髄液漏の何が問題かというと、本来外界に漏れ出るはずのない髄液が、外界へ出てきてしまっている(=中枢神経感染症のリスク↑↑)ことが問題です。

なので外傷性髄液漏を診る場合には、髄膜炎の発生に注意しながらまずは保存的加療となりそうですね。

 

②外傷性髄液漏における予防的抗菌薬投与の必要性

文献にもよりますが「一定の見解はない」というのが一定の見解のようです。

そのうえで、

・「抗菌薬の予防投与の有効性について定まった見解はなく欧米では使用しない施設が多い」「抗菌薬の予防的投与については議論がある。(中略)さらに耐性菌の原因となり、慎重に行う必要がある」(1,2)のように、具体的な使用に言及しないもの

 

・文献1,2などの議論を踏まえた上で、「当施設では髄液漏の停止が確認されるまでの短期間に限って抗菌薬(髄液移行性を考慮して、セフォタキシムやセフトリアキソン)の投与を行っている」と、予防投与にも積極的であるもの(3)

 

と分かれています。Up to dateでは、頭蓋底骨折の髄液漏(cerebral spinal fluid leak)については脳外科医や感染症医にconsultationしたほうが良いとの記載でした。

 

勿論、この議論は「予防」の話であって、髄膜炎を発症した場合は当然抗菌薬による治療を行います。

そういう意味では、予防的抗菌薬投与を行うかどうかよりも、毎日患者さんを診察し、髄膜炎を発症したらすぐに治療介入できるようにしておくことのほうが重要でしょう。

 

③外傷性髄液漏の治療・安静度

 まずは保存的加療として、

・15-30度の頭部挙上、咳や怒責、鼻かみをさける

・持続的腰椎ドレナージ

を行いますが、1-3週間保存的加療をしても改善がない場合、間欠性、再発性、遅発性の症例、気脳症が進行性に増悪する症例、頭蓋底の変形が著しい症例などは手術が検討されます。
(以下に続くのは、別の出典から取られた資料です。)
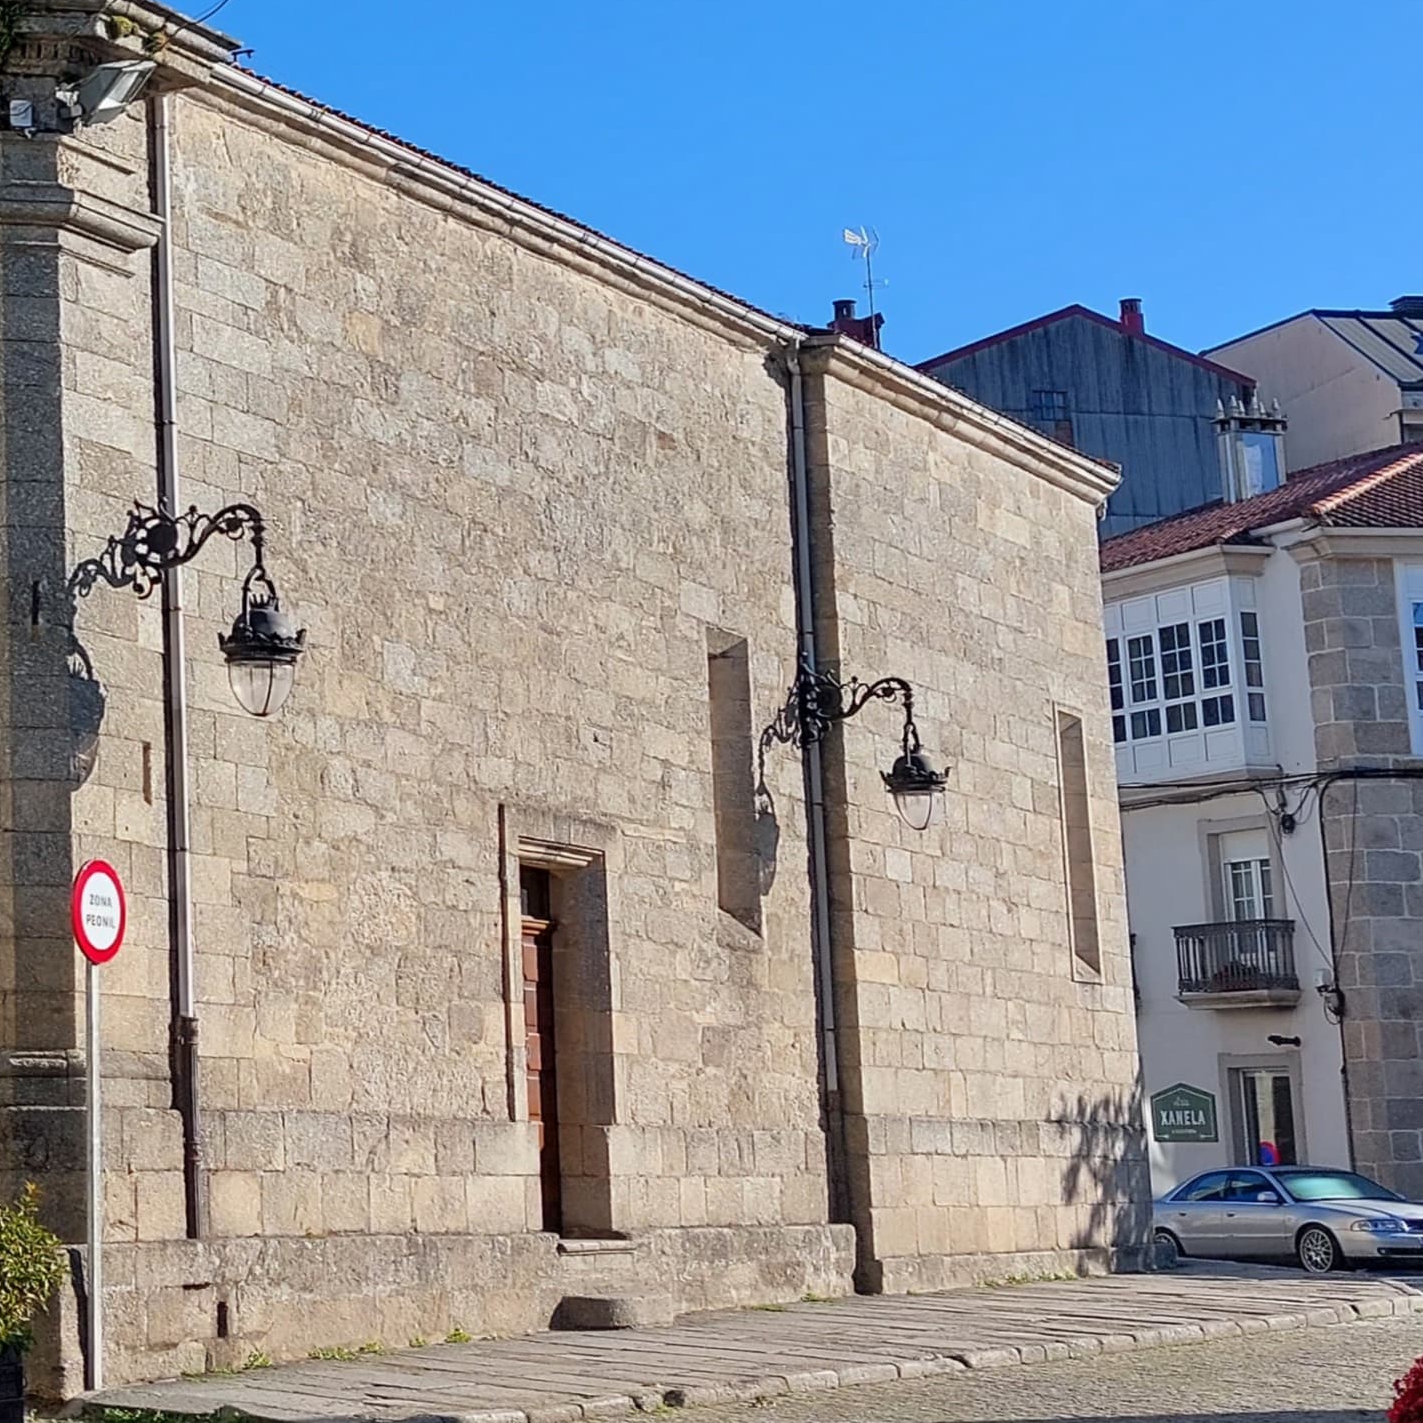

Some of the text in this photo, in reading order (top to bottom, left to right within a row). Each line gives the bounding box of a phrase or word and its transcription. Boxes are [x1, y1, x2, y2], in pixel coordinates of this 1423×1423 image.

[89, 893, 113, 908] ZONA
[86, 913, 116, 929] PEONIL
[1160, 1109, 1207, 1126] XANELA
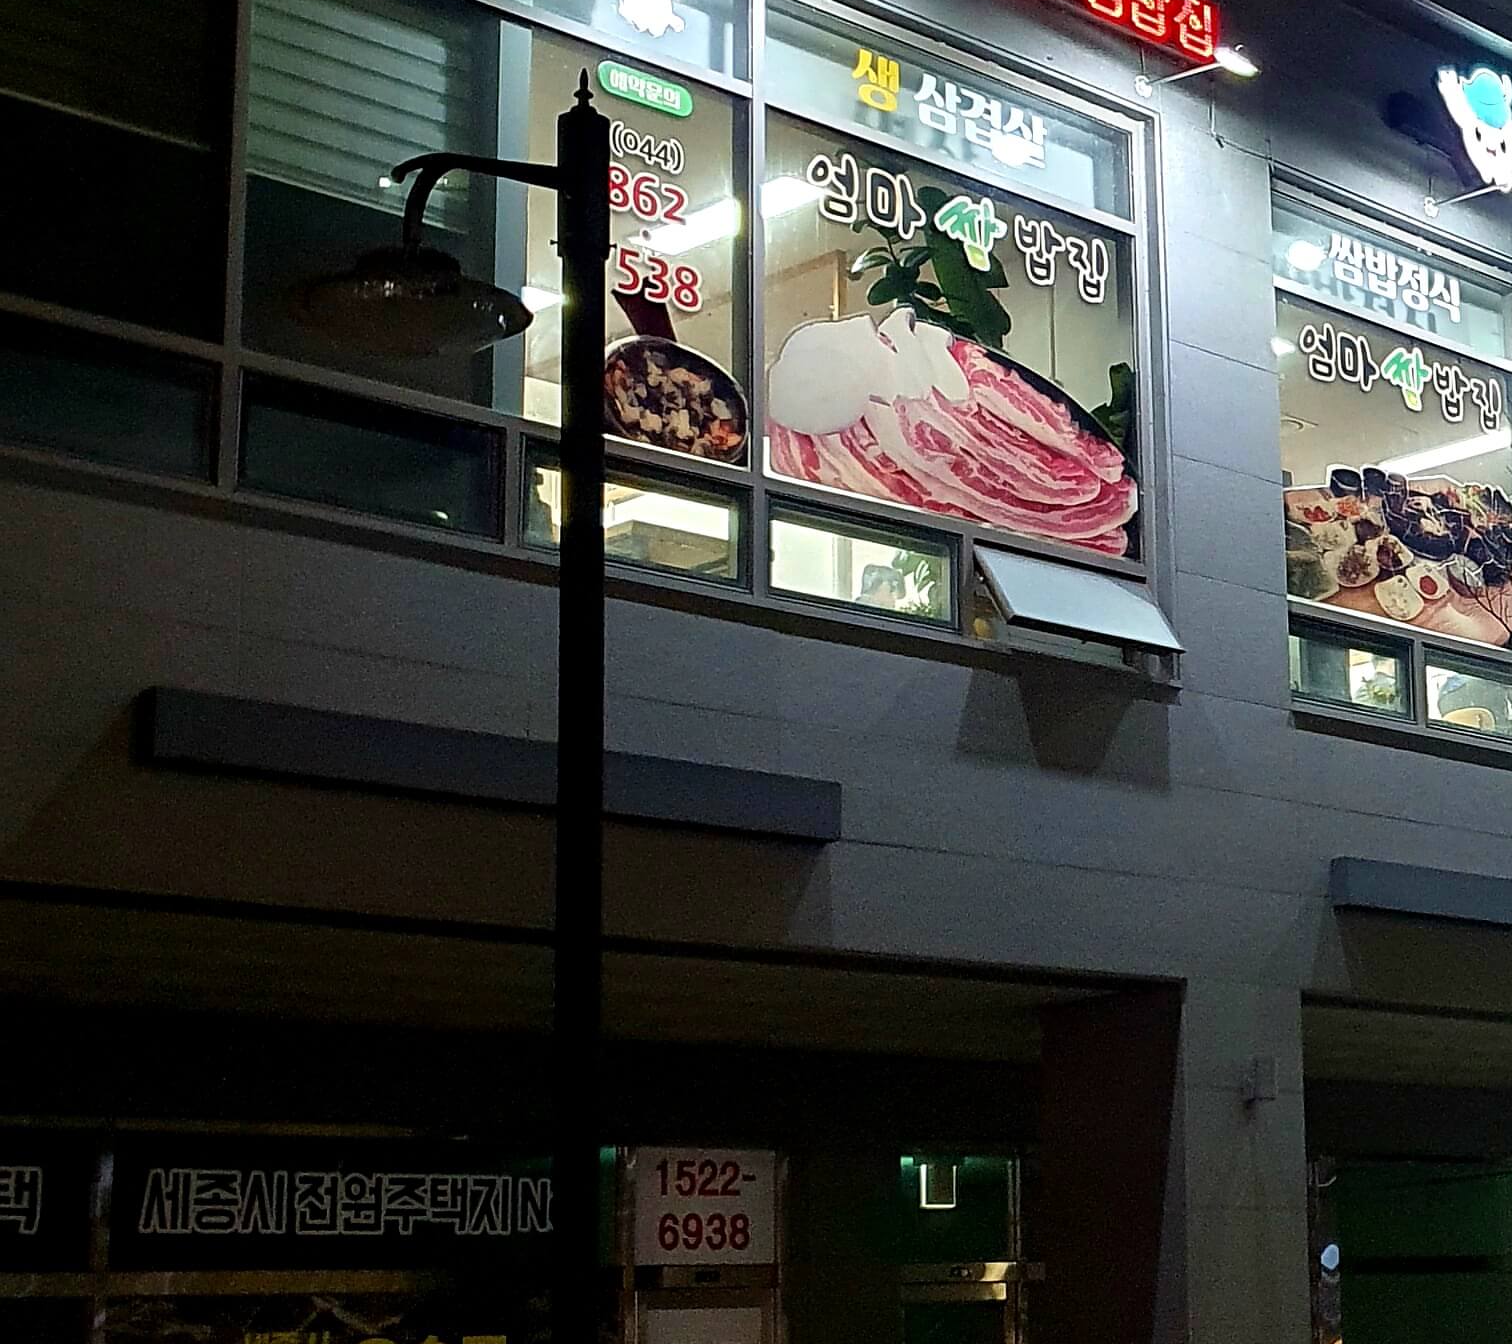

(2)

 

色々、調べているとJETECのガイドラインもしくは重症頭部外傷治療・・管理のガイドラインが国内の文献としてはよく参照されているようです。

 

いずれにせよ、頭蓋骨骨折では髄液漏があるかどうか、ある場合は髄膜炎にならないかどうかに注意したほうがよさそうですね。

 

それでは。

 

 

【参考文献】

1.外傷専門診療ガイドライン.日本外傷学会専門診療ガイドライン編集委員会編.一般社団法人日本外傷学会,2014年,p.37-41.
 
2.重症頭部外傷治療・管理のガイドライン第3版.重症頭部外傷治療・管理のガイドライン作成委員会編.医学書院,2016年,p.109.
 
3.救急白熱セミナー頭部外傷実践マニュアル.並木淳著.中外医学社,2014年,p.78.
 
4.William G Heegaard, MD,MPH. Skull fractures in adult. Maria, ed. UpToDate. Waltham, MA: UpToDate Inc. http://www.uptodate.com (Accessed on February 04, 2018.)
 
5.脳神経外科周術期管理のすべて 第4版.松谷正雄ら編.メディカルビュー社,2014年,p.355.